Laser Tube Technology

All-metal RF excited CO2 laser technology (Figure 2) has been dominant in medical, industrial, and military applications since the mid-1990s. This is the only proven technology that allows for fast, inexpensive service in demanding settings.

Antiquated fragile glass tubes (1960s technology) are difficult to service. The very high voltage (over 10,000 volts) needed to operate these lasers often causes damage that calls for expensive laser tube replacement, rather than repair

Laser Warranty

Many imported lasers have laser power monitors and other safety features disabled. Laser performance is not monitored, warranties thus do not cover system deterioration, and distributors can claim arbitrary, long warranty periods.

International Laser Safety Compliance Certifications

Laser Competition Standards of Compliance

Figure 3. Chinese-made surgical CO2 laser’s ‘Attestation of Conformity’ claiming that it complies with European Union (CE) standards for HOUSEHOLD appliances such as hair-dryers.

Many importers misrepresent their products as compliant with relevant international safety regulations. For instance, a Chinese manufacturer presents its surgical CO2 laser as a CE certified product – see Figure 3. Upon closer examination, however, one discovers that 1) CE standards EN 60335-1 and 60335-2-23 quoted in this certificate are only applicable to HOUSEHOLD appliances such as curling irons, hair and hand-dryers, etc; and 2) quoted CE standards explicitly state that they are not applicable to any “appliances intended for medical use”. Unfortunately, numerous North American importers already peddle these and other similar devices to thousands of unsuspecting clinicians.

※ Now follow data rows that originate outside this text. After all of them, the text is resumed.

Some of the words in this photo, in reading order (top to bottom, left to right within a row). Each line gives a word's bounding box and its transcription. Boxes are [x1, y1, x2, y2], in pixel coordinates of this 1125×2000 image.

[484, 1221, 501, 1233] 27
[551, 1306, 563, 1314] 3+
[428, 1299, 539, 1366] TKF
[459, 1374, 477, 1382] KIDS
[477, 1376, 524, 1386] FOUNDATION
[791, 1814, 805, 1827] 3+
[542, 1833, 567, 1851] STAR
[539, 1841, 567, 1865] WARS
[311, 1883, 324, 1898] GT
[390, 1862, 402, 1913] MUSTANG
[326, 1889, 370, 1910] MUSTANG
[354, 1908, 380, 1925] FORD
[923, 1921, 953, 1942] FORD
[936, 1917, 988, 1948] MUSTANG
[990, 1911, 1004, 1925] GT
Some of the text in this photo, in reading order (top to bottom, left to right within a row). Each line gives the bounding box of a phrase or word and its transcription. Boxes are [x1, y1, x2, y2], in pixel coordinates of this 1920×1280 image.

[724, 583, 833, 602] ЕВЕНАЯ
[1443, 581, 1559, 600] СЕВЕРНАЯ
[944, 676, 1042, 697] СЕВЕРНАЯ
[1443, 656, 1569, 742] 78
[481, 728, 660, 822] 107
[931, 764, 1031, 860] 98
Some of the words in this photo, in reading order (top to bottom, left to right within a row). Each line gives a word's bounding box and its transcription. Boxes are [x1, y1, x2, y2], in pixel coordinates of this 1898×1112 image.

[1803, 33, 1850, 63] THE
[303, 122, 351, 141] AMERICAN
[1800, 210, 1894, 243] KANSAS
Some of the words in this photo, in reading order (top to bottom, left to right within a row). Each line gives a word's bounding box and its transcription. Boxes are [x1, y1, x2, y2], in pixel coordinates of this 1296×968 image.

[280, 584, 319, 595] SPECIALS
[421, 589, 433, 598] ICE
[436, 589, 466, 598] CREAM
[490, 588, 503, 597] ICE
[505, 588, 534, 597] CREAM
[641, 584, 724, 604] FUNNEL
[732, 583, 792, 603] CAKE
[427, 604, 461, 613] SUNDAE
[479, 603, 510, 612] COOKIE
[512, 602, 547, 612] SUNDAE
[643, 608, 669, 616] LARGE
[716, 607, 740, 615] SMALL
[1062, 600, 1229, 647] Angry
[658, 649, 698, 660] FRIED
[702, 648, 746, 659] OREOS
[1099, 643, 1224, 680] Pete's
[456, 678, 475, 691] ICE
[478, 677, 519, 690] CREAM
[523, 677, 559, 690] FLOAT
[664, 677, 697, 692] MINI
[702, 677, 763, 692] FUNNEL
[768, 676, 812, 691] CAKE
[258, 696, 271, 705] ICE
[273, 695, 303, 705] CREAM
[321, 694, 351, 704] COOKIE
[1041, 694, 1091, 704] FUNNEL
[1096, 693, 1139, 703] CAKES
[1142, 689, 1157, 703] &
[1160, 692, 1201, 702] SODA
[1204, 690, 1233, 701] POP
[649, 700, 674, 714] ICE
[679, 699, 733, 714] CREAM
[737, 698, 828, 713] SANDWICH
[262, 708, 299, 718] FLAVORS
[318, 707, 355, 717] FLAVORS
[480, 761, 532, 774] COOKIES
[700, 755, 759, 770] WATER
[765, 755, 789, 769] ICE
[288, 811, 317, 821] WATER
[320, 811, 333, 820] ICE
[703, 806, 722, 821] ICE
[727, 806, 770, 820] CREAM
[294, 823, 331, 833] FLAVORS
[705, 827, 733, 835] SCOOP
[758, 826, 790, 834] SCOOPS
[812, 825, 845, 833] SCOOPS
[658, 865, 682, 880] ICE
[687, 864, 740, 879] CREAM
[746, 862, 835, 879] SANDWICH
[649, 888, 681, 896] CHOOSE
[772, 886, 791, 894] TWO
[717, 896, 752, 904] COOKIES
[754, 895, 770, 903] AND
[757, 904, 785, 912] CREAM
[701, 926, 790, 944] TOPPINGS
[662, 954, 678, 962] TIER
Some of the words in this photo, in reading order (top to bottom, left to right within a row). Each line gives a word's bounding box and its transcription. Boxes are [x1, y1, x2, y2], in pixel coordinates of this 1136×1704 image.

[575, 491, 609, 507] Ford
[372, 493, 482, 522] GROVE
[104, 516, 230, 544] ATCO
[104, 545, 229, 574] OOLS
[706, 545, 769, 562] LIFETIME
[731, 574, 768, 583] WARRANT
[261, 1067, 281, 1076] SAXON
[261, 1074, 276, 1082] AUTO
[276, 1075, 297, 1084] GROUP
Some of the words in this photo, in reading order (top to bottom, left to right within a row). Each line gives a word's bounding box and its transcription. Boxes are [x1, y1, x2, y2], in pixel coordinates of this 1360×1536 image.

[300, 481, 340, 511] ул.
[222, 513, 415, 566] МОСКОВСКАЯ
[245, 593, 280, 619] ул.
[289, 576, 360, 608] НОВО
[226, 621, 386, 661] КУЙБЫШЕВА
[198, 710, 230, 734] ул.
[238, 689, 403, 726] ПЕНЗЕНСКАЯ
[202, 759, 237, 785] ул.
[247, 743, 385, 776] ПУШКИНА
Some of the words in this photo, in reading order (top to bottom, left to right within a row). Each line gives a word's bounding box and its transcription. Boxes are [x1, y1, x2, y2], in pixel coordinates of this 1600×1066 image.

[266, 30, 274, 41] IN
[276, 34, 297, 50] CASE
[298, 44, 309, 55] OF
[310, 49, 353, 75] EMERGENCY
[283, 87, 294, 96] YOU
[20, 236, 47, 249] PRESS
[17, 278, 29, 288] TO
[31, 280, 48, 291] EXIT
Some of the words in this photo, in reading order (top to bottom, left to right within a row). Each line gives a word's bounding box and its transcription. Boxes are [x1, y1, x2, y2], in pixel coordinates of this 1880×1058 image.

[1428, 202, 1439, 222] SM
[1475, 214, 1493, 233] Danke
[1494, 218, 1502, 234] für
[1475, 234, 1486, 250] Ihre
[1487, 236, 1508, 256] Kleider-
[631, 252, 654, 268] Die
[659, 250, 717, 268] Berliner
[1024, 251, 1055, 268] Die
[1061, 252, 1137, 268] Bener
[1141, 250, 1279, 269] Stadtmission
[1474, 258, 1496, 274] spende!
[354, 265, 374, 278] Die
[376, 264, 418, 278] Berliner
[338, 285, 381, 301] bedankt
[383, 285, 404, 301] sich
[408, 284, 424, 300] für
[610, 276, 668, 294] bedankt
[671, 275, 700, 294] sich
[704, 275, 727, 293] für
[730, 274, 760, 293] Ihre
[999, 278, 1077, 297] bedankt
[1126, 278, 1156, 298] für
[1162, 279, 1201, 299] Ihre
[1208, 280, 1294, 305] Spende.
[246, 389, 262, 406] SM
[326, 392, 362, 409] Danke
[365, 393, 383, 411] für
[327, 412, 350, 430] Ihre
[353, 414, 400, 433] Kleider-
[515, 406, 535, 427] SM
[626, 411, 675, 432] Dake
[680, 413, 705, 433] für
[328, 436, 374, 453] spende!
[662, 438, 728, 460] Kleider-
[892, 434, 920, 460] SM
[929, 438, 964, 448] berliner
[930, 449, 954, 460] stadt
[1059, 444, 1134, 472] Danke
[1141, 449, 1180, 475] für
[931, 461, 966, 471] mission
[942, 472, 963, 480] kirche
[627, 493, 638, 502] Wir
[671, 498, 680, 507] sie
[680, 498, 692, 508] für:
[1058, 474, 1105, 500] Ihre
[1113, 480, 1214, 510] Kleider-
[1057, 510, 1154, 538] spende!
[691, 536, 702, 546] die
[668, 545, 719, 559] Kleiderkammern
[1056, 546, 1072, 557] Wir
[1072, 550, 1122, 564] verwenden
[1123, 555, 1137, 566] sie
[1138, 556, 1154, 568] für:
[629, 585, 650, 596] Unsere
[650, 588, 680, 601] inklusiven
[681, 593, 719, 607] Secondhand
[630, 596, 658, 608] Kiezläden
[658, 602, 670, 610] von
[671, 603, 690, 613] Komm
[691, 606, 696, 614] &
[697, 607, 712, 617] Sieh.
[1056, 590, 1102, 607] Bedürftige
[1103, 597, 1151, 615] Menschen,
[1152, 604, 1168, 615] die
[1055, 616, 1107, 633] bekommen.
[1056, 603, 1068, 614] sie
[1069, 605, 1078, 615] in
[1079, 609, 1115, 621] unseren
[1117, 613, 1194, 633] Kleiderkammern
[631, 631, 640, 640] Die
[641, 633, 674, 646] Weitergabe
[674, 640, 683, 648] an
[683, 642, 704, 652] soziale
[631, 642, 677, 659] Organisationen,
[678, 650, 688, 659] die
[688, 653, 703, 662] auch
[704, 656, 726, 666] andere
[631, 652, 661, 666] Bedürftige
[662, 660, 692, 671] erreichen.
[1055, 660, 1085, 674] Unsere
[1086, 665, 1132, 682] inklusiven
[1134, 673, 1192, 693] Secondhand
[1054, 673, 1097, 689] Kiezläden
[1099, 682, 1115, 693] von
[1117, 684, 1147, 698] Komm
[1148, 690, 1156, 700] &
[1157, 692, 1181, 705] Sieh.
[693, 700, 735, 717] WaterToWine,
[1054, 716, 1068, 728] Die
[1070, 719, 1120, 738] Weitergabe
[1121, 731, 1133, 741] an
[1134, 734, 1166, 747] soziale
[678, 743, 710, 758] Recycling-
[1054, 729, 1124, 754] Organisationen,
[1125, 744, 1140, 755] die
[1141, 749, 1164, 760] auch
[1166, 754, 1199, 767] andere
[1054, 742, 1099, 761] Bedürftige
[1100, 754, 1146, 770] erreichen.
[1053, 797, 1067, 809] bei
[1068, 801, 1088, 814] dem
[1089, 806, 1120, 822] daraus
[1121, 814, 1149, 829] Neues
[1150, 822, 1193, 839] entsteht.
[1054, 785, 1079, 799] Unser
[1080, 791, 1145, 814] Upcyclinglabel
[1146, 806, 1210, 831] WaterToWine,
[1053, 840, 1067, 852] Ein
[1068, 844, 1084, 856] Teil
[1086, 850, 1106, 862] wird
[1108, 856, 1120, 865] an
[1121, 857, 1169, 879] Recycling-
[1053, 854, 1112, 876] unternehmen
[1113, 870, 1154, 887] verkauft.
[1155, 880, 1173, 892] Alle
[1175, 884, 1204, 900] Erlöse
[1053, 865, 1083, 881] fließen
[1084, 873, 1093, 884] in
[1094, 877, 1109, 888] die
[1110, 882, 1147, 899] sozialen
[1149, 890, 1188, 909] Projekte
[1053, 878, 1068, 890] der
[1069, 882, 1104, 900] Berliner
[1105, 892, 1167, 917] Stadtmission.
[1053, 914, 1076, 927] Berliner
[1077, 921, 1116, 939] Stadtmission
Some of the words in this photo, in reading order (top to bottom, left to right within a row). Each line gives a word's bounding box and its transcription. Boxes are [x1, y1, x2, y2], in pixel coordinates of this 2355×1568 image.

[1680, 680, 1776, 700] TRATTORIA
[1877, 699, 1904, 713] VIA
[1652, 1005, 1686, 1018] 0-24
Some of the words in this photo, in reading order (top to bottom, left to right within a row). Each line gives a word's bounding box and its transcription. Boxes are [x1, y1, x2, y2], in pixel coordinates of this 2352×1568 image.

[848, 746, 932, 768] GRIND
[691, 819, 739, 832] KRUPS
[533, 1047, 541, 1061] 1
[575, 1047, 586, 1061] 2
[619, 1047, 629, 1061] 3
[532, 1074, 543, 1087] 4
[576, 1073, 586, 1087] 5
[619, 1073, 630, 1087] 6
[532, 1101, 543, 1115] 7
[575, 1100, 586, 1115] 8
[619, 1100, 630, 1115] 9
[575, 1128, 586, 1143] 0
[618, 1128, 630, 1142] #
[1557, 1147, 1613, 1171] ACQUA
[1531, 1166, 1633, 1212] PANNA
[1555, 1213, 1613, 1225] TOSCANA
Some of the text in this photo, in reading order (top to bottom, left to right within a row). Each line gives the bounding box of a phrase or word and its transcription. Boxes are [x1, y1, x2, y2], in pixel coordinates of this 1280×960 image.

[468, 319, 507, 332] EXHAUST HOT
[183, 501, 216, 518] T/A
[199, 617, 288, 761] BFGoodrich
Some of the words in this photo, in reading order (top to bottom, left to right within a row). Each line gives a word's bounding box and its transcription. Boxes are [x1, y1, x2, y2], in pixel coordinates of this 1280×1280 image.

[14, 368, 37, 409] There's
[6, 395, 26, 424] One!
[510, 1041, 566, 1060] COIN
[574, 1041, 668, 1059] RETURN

Surgical CO2 lasers that are not manufactured by a reputable manufacturer must not be purchased.

Conclusion

Aesculight has several advantages over competing laser manufacturers including: laser beam delivery, ergonomics, cooling systems, and safety. It is important to do your research before purchasing a CO2 surgical laser, and to be especially cautious when ordering one from overseas.